Le président de la République a confié à Pascal Blanchard le soin de mener une commission qui a pour objectif d’élaborer un carnet de noms de rue reflétant la diversité qui sera ensuite soumis aux maires. Que pensez-vous de cette proposition ?

Je n’ai pas les compétences de cet historien mais il faut noter que son engagement en faveur d’une République multiculturelle et postraciale aux côtés notamment de Rokhaya Diallo et de Lilian Thuram indique des orientations idéologiques assumées, très éloignées de la République une et indivisible. Je ne suis nullement opposé à ce qu’on donne à Toussaint Louverture, Abdel Khader, Aimé Césaire, Léopold Sédar Senghor, Édouard Glissant, pour n’en citer que quelques-uns, des noms de places ou de rues qui d’ailleurs, pour beaucoup, existent déjà. La mairie de Paris a inauguré à juste titre en septembre un jardin Solitude du nom de cette mulâtresse (1772-1802) qui incarna la résistance des esclaves de Guadeloupe contre Napoléon. Attention toutefois aux gadgets, au paternalisme de la bonne volonté qui a poussé par exemple le New York Times à écrire « Noir » en majuscule et « blanc » en minuscule comme si cette humiliation typographique allait miraculeusement changer la vie des Afro-Américains.

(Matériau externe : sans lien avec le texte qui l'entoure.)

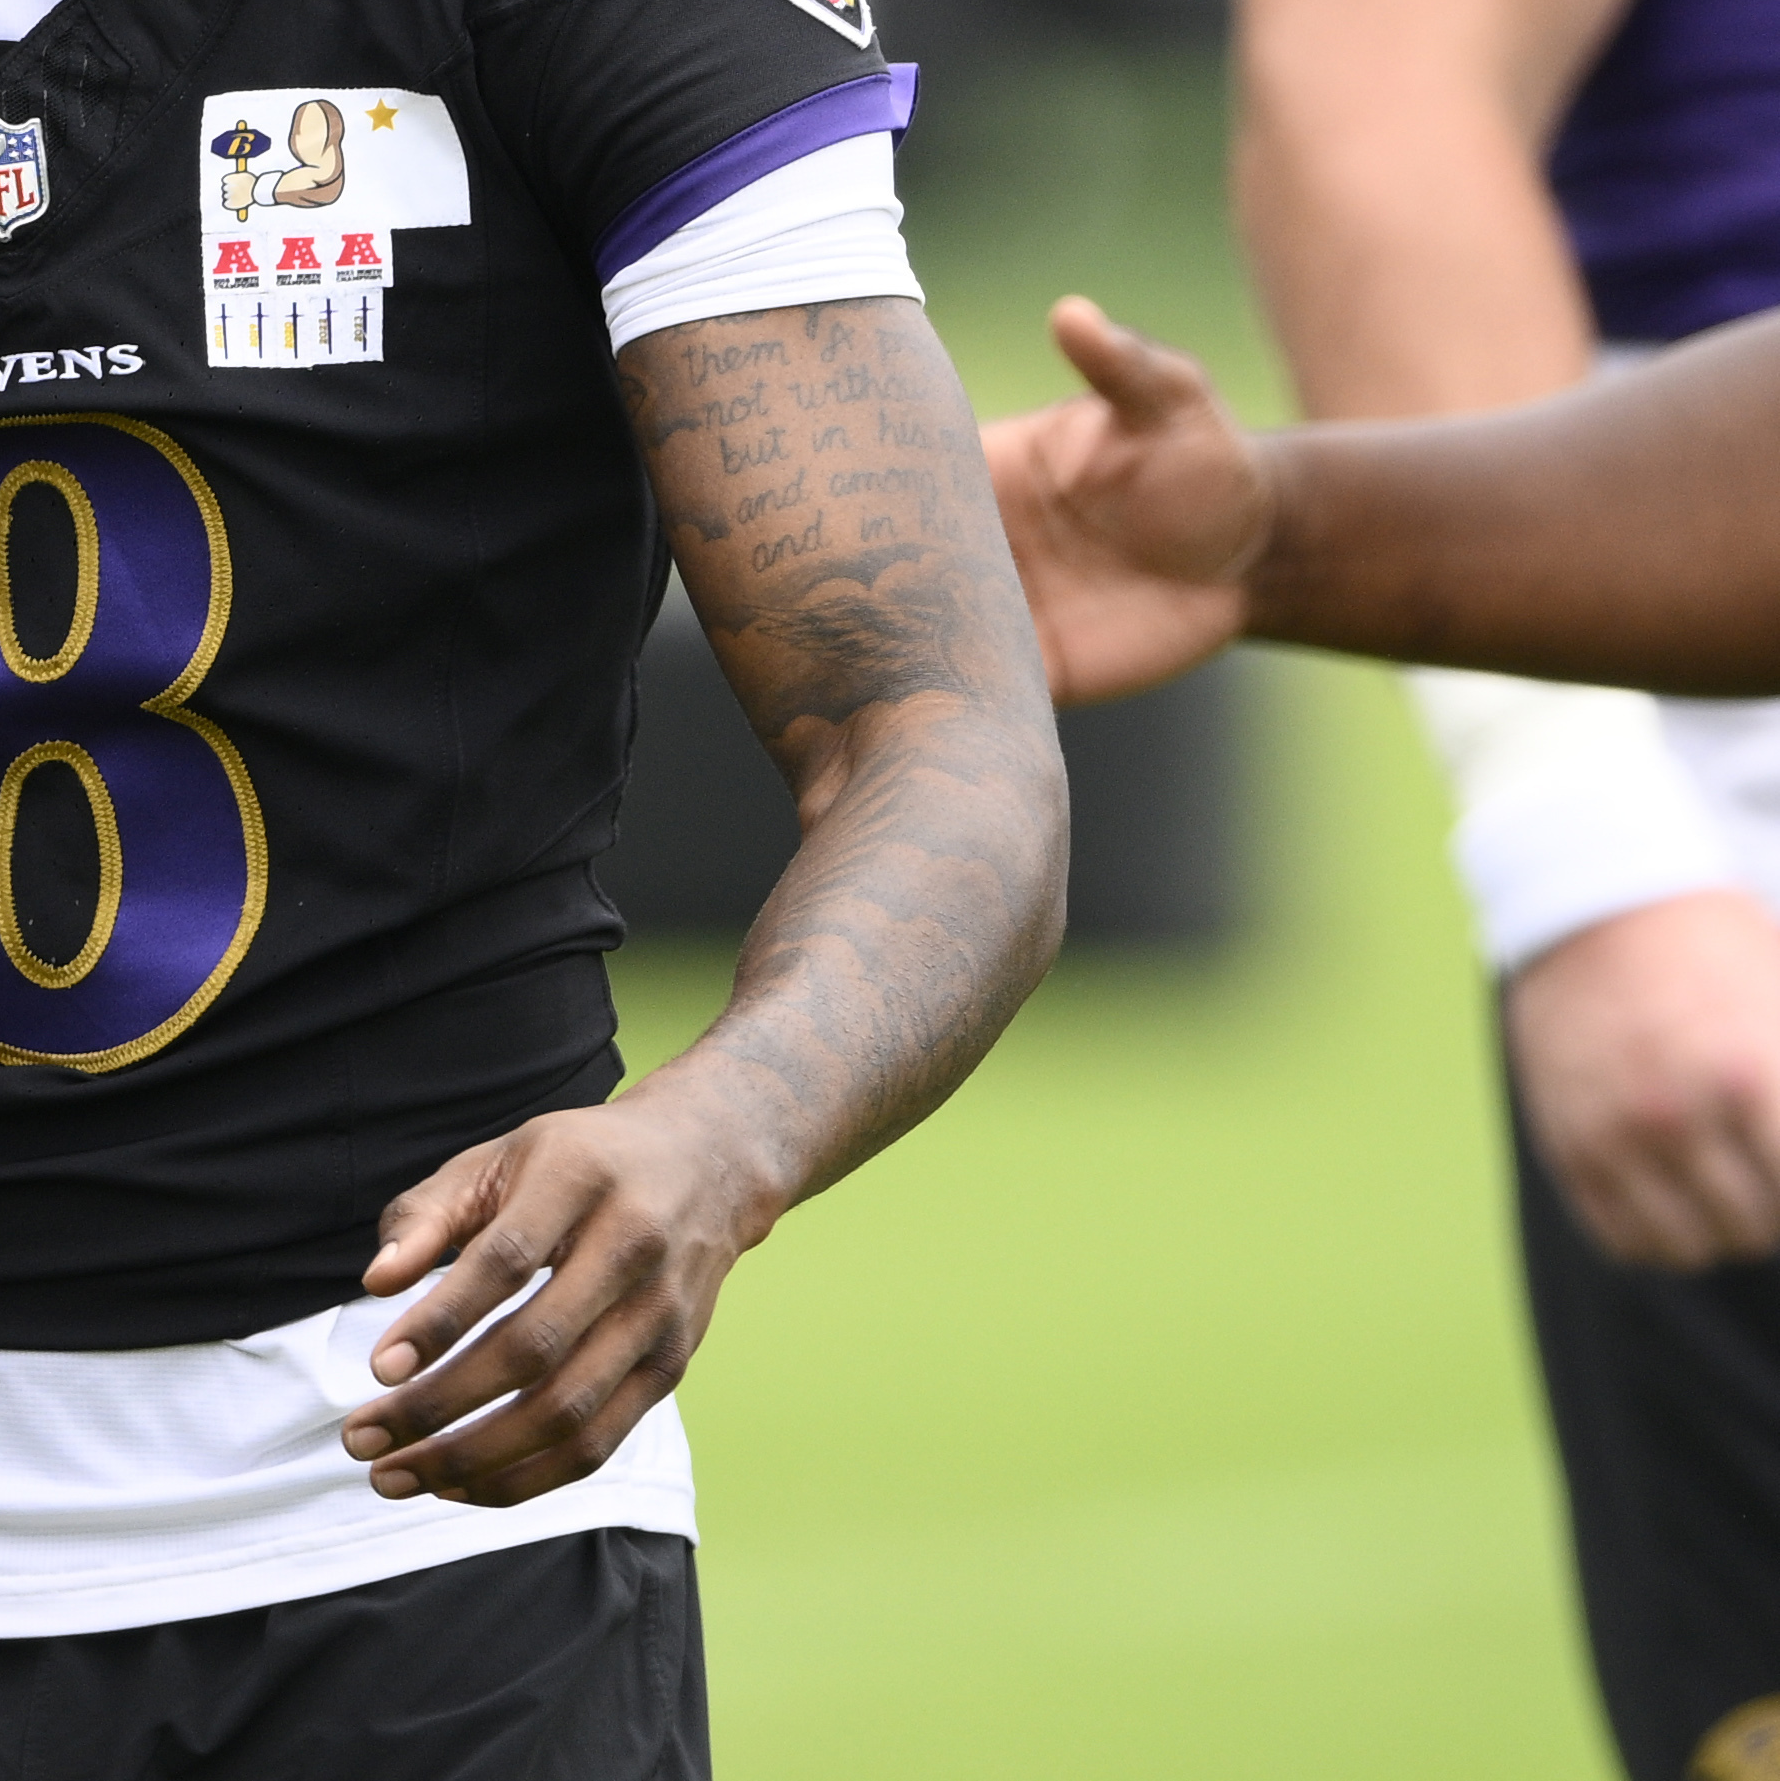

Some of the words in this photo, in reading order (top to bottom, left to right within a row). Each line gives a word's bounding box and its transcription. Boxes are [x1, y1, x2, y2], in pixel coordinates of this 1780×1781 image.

Donner des noms issus de la « diversité » pour employer la novlangue actuelle aux rues et places de certains quartiers n’améliorera en rien la vie de leurs habitants : la satisfaction symbolique ne remplit ni le portefeuille ni les estomacs. Les individus en démocratie veulent être reconnus oui mais comme des personnes singulières, jugés selon leurs mérites propres et non déduits de leurs origines, de leur pigmentation. C’est le sens de l’émancipation républicaine qui promeut un universel de la pluralité et non de l’uniformité. Si on oublie ce principe fondateur, on s’embarque dans la quincaillerie idéologique des fanatiques de la Race, du Genre et de l’Identité qui enferment chacun dans sa particularité et rendent impossible l’idée d’un Nous collectif."